Requirement
NIST SP 800-171 REV.2 / CMMC 2.0 Level 2 - Control - AU.L2-3.3.8 – Protect audit information and audit logging tools from unauthorized access, modification, and deletion.
Understanding the Requirement
This control (NIST SP 800-171 REV.2 / CMMC 2.0 Level 2) requires that an organization secure both the audit data (logs) and the tools that collect, store, and analyze those logs so that only authorized personnel can view, change, or remove them. Practically, that means preventing users from altering or deleting logs on endpoint systems, restricting access to centralized log repositories and SIEMs, ensuring integrity controls (so logs cannot be tampered with), and keeping recoverable backups so logs remain available even after system changes or incidents.
Technical Implementation
-
Centralize log collection: Configure all servers, workstations, network devices, and cloud services to forward logs in real time to a hardened syslog/SIEM server. Use authenticated, encrypted transport (TLS) and non-default ports where possible to reduce easy interception.
-
Remove local deletion capability: Revoke local admin privileges for standard users and use administrative tools (such as Windows LAPS or managed local accounts) to prevent users from stopping logging services or deleting local logs. Where local admin is required, enforce just-in-time elevation and audit those sessions.
-
Restrict access with RBAC and MFA: Apply role-based access controls to the syslog/SIEM and log storage. Only assign “log viewer” or “log admin” roles to specific personnel, require multi-factor authentication for access, and maintain an access approval workflow for new permissions.
-
Protect log integrity and retention: Store logs on append-only or write-once media where possible, enable immutability or WORM features on backups, and implement cryptographic integrity checks (hashes or signatures) so any modification is detectable. Define and enforce retention policies based on business and compliance needs.
-
Make backups and redundancy: Regularly back up centralized log stores to an off-site or logically separate location with access controls. Use immutable backups or cloud object storage with versioning and retention locks to prevent unauthorized deletion. Test restores periodically.
-
Monitor and alert on log-tool tampering: Create SIEM rules or scheduled scripts that detect disabled logging agents, sudden gaps in log volume, unexpected configuration changes to logging servers, or deletion attempts. Generate alerts to the security team and require documented supervision for any planned administrative maintenance that affects logging.

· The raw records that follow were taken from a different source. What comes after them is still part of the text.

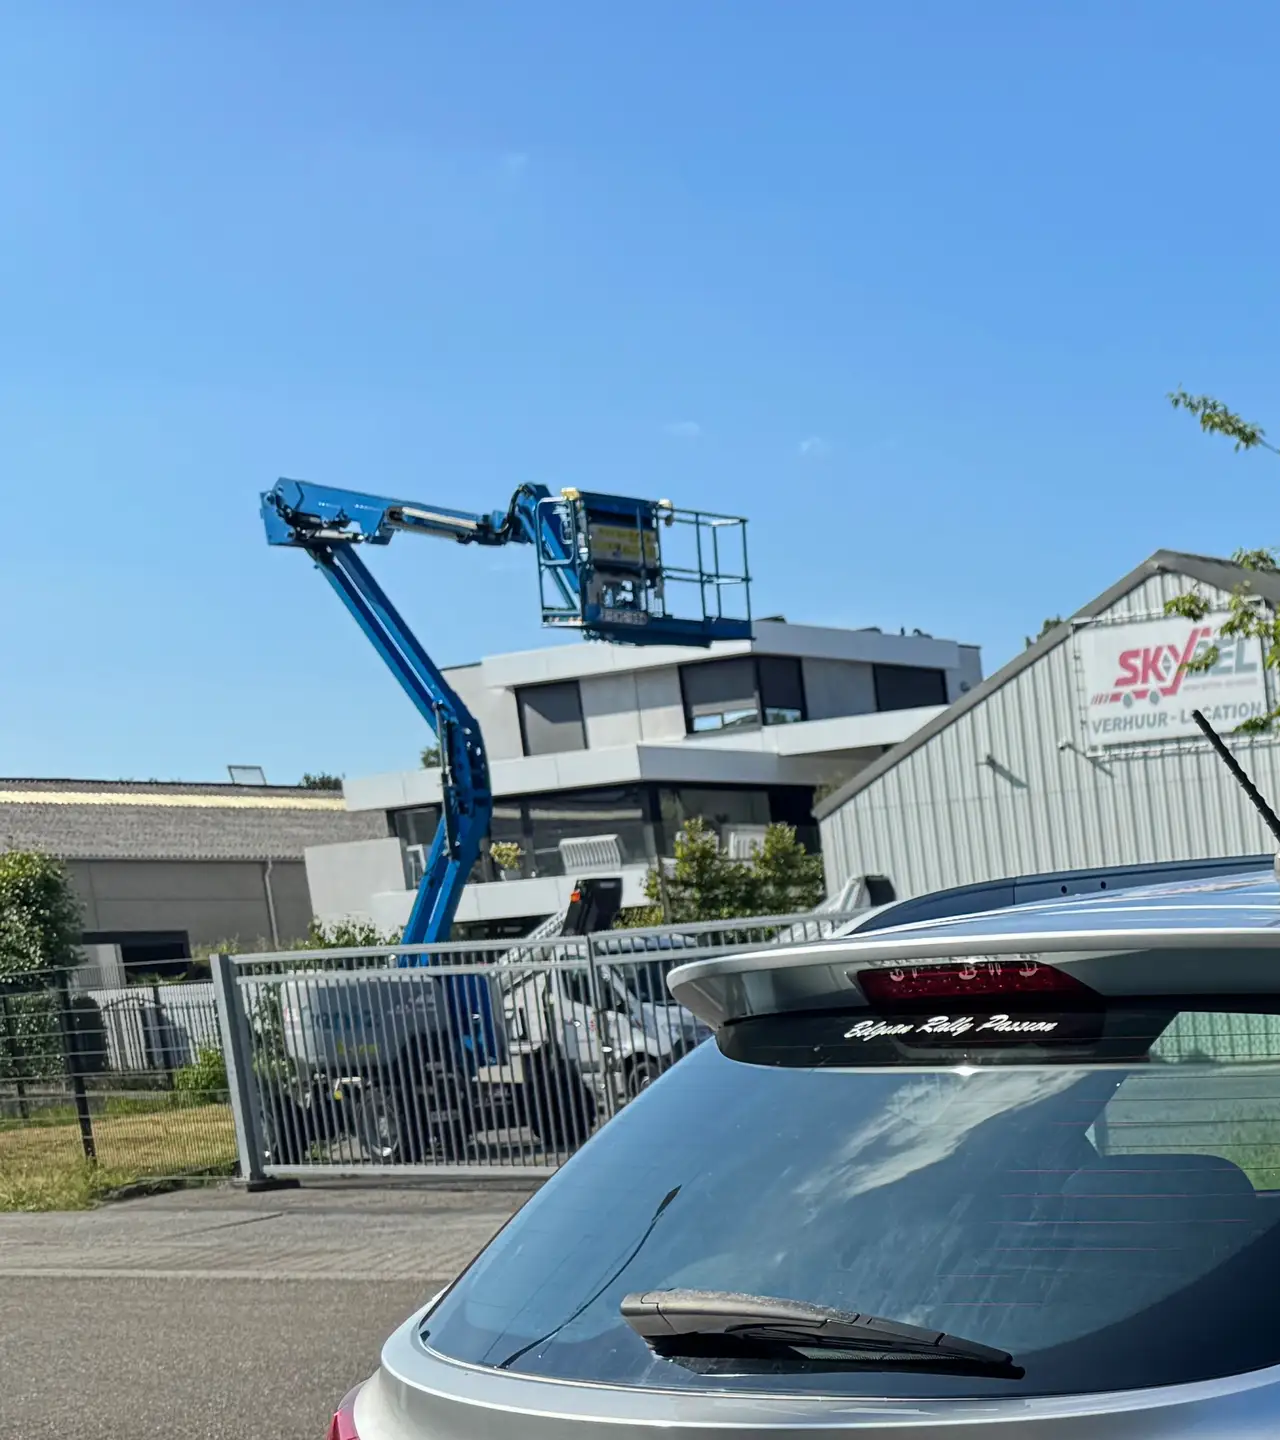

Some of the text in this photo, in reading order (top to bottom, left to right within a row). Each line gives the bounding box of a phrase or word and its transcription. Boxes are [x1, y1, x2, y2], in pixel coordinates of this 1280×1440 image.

[1092, 713, 1168, 735] VERHUUR
[1180, 701, 1262, 726] LCATION
[916, 1015, 975, 1037] Rally
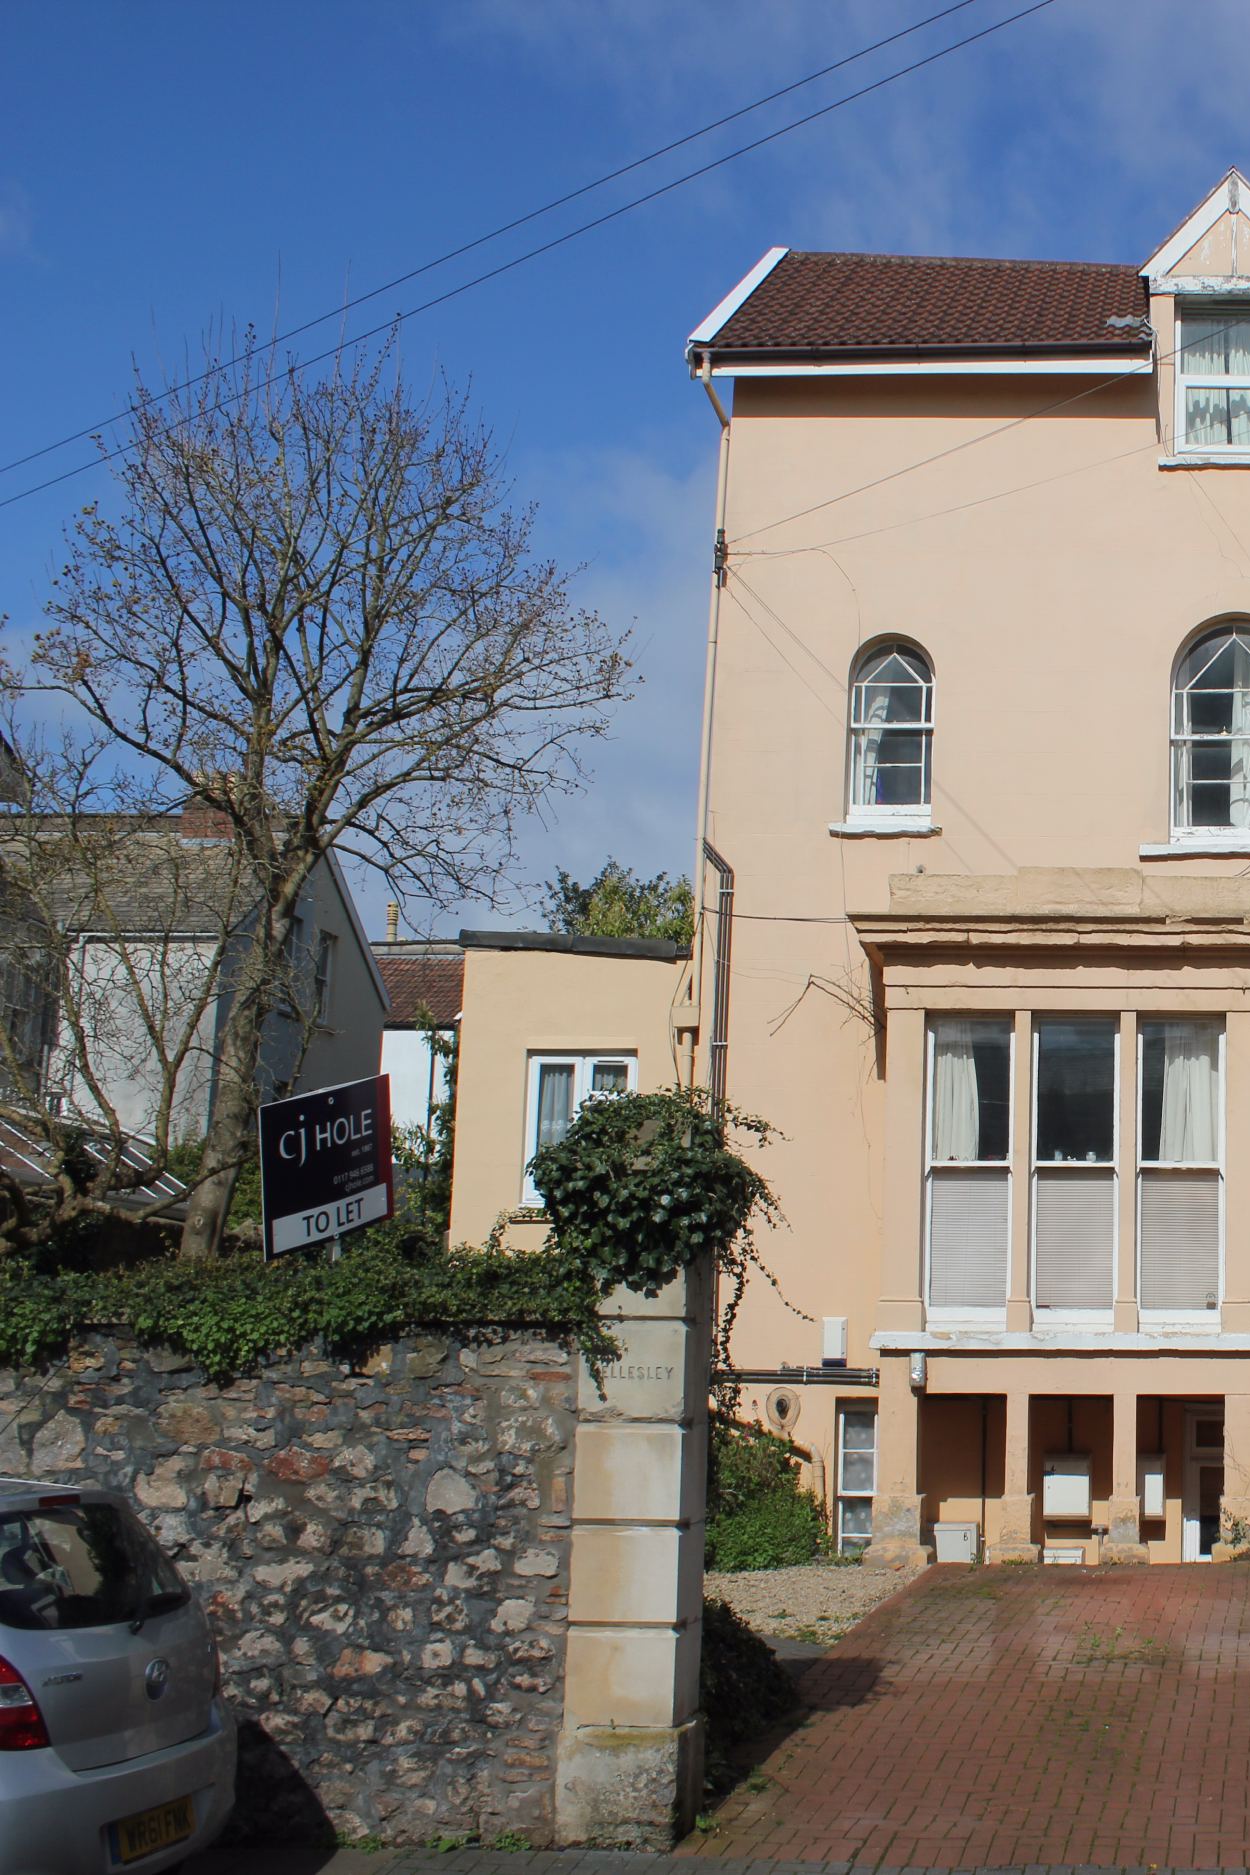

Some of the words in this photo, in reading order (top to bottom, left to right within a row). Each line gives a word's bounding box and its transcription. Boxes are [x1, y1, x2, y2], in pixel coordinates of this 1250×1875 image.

[315, 1109, 373, 1150] HOLE
[302, 1211, 330, 1237] TO
[336, 1197, 364, 1227] LET
[597, 1366, 674, 1380] ELLESLEY
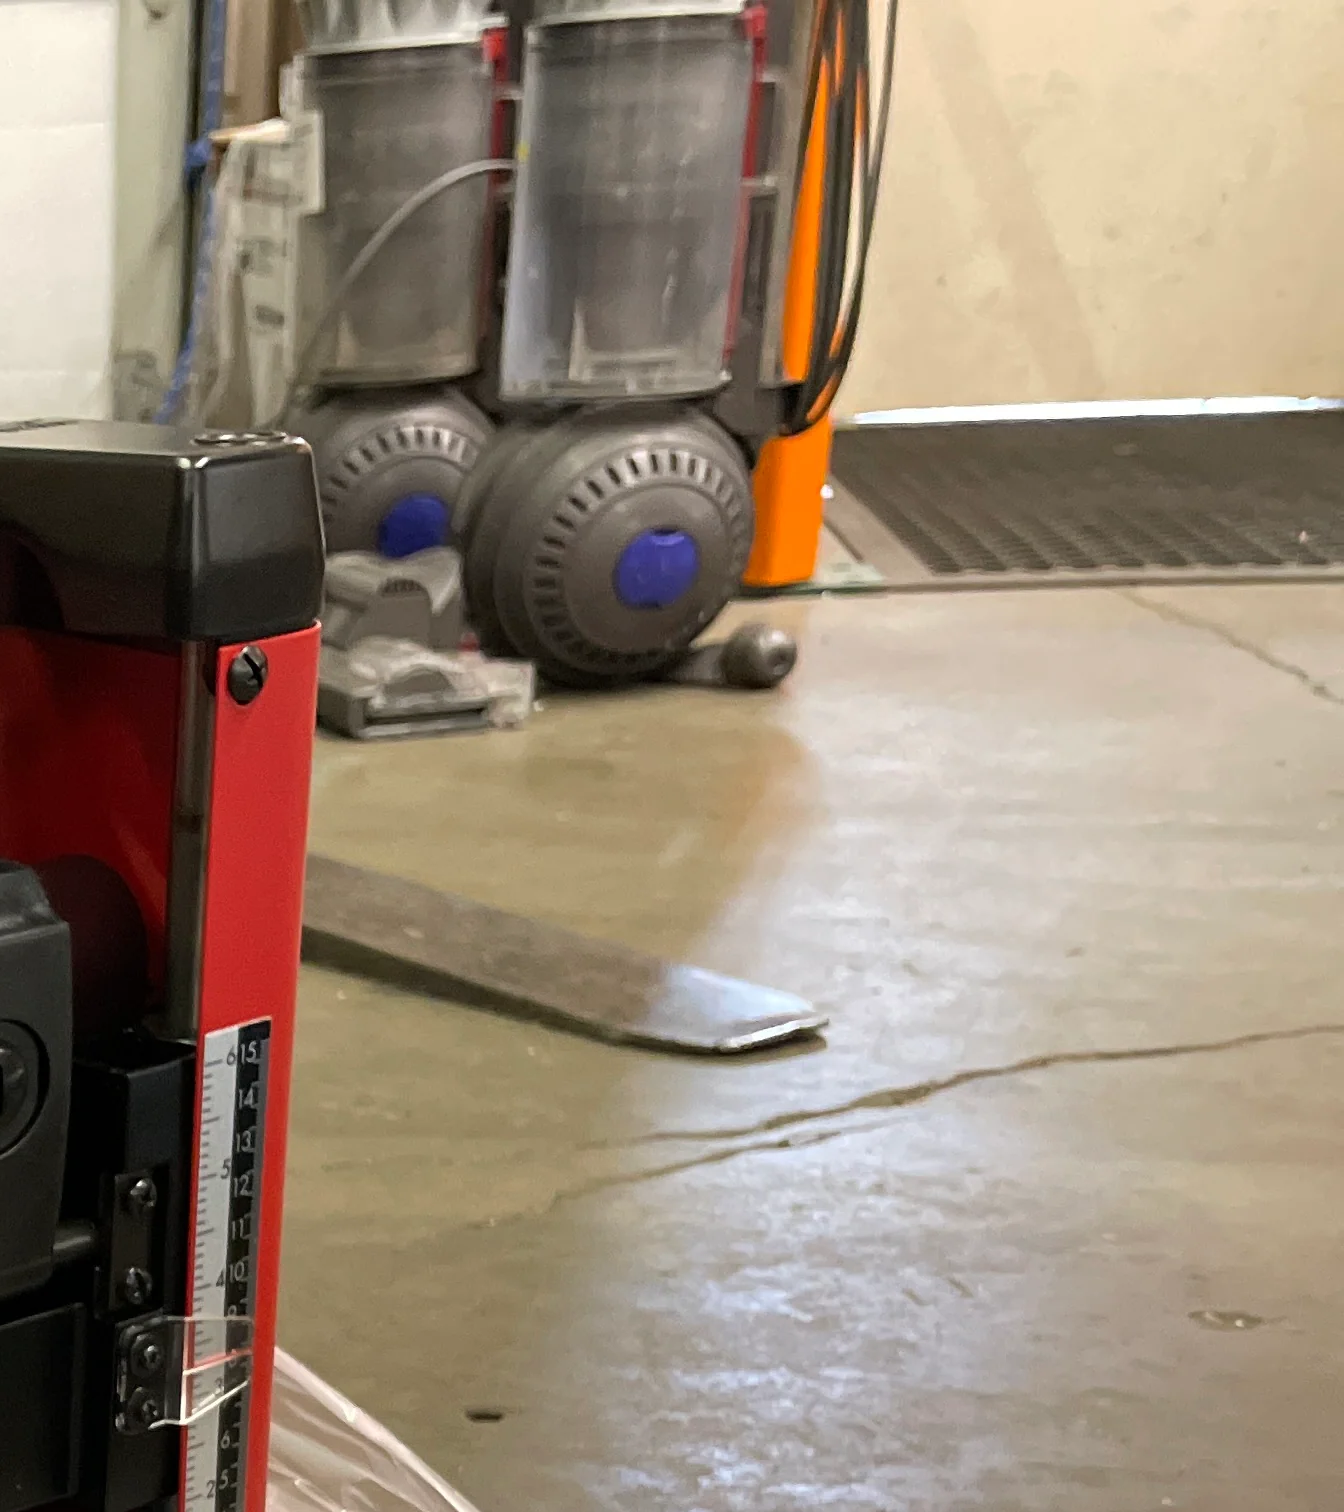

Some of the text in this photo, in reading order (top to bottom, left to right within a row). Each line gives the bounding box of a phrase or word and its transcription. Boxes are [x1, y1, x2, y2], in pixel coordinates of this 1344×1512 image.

[226, 1045, 236, 1067] 6
[240, 1040, 257, 1065] 15
[238, 1086, 255, 1110] 14
[236, 1130, 252, 1154] 13
[220, 1158, 231, 1180] 5
[233, 1174, 249, 1198] 12
[231, 1218, 244, 1241] 11
[215, 1269, 225, 1288] 4
[228, 1261, 245, 1284] 10
[220, 1433, 231, 1450] 6
[206, 1479, 217, 1500] 2
[218, 1468, 230, 1490] 5
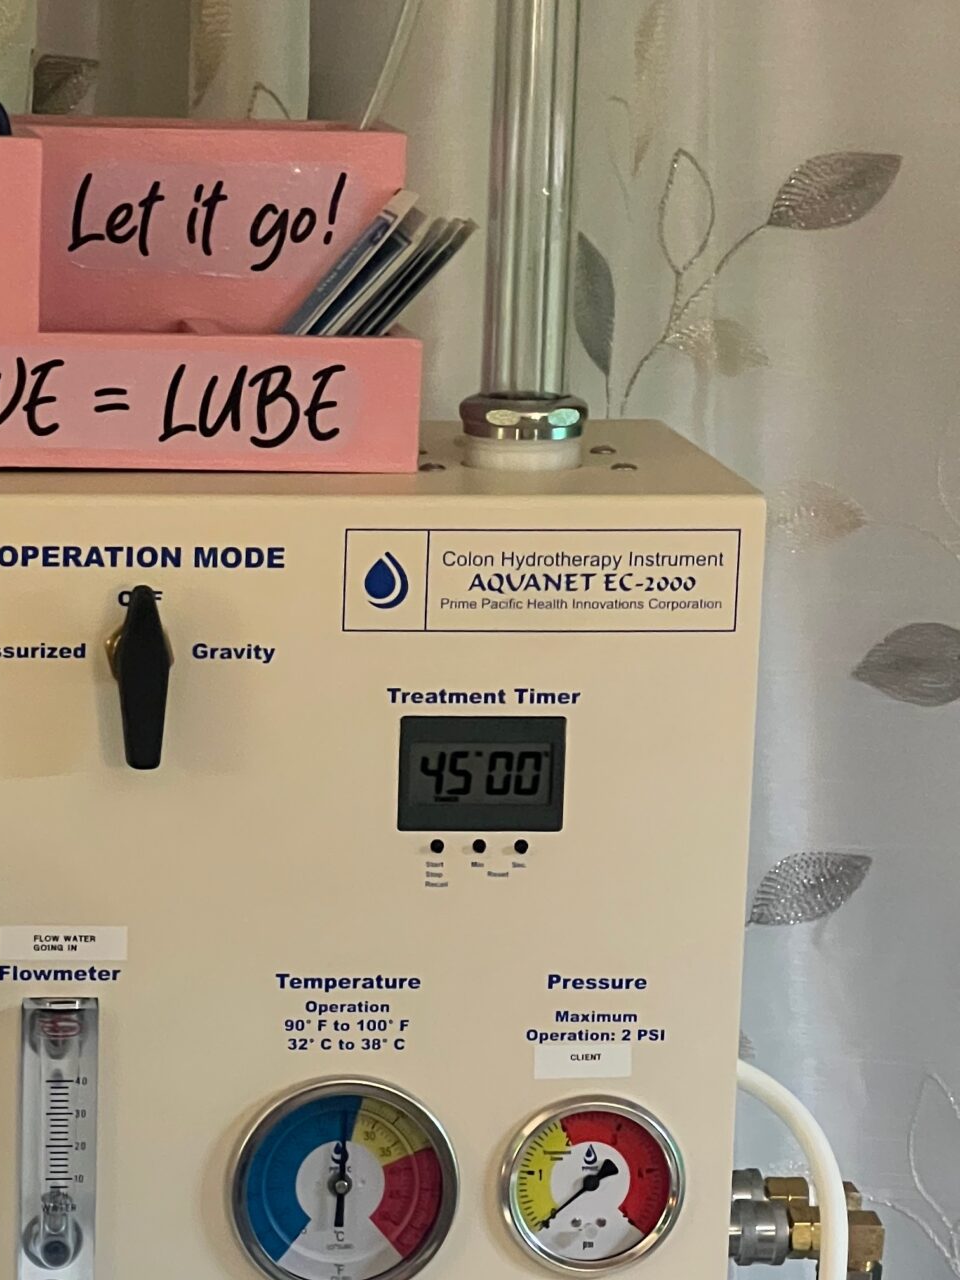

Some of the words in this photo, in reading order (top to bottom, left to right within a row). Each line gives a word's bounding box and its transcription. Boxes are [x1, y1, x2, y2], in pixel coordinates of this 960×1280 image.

[67, 172, 163, 257] Let
[187, 180, 227, 255] it
[249, 172, 348, 272] go!
[158, 363, 346, 448] LUBE
[193, 546, 286, 569] MODE
[442, 550, 495, 567] Colon
[501, 551, 623, 571] Hydrotherapy
[628, 550, 725, 568] Instrument
[467, 573, 597, 594] AQUANET
[603, 574, 697, 592] EC-2000
[117, 590, 163, 607] OF
[440, 598, 478, 610] Prime
[481, 597, 524, 610] Pacific
[527, 597, 568, 610] Health
[572, 597, 645, 610] Innovations
[648, 597, 723, 612] Corporation
[191, 642, 276, 664] Gravity
[387, 688, 507, 704] Treatment
[514, 688, 581, 704] Timer
[33, 935, 60, 943] FLOW
[63, 935, 96, 943] WATER
[33, 944, 64, 952] GOING
[67, 944, 78, 952] IN
[275, 974, 421, 992] Temperature
[547, 974, 648, 990] Pressure
[305, 1000, 390, 1015] Operation
[555, 1010, 638, 1023] Maximum
[317, 1019, 327, 1031] F
[333, 1020, 350, 1032] to
[399, 1019, 410, 1031] F
[526, 1029, 616, 1044] Operation:
[621, 1029, 631, 1041] 2
[637, 1029, 665, 1041] PSI
[320, 1038, 332, 1051] C
[338, 1039, 355, 1051] to
[393, 1038, 405, 1051] C
[570, 1053, 602, 1061] CLIENT
[74, 1141, 87, 1151] 20
[74, 1174, 85, 1184] 10

Example in a Small or Medium Business
Acme Tech, a 120-person SMB handling controlled technical information, centralized all system and device logs to a dedicated syslog server running in a hardened VM on a separate management VLAN. The IT manager removed local administrative rights from standard user accounts and implemented just-in-time access for elevated tasks, so ordinary employees cannot stop or delete logs. All log traffic is forwarded over TLS to the syslog server and ingested into a cloud-hosted SIEM with role-based access; only two staff in the security team and one external auditor have log-view permissions. The company enabled immutability on nightly backups of the syslog store for 90 days and kept an encrypted off-site copy for a year to meet retention needs. When system administrators perform maintenance that could affect logging, they schedule the work, request temporary elevated rights through the ticketing system, and are supervised by a security engineer who documents the session and its results. The SIEM has alerts for sudden drops in log volume and for any changes to logging-agent configurations, which helps Acme detect tampering quickly and restores logs from immutable backups when needed.
Summary
Protecting audit information and logging tools requires a mix of policy and technical controls: centralize and encrypt log collection, limit and control administrative access, enforce integrity and immutability on stored logs, maintain secure backups, and monitor for tampering. For SMBs these steps — combined with documented procedures for maintenance and access approvals — ensure logs remain accurate, available, and trustworthy for incident response, investigations, and compliance.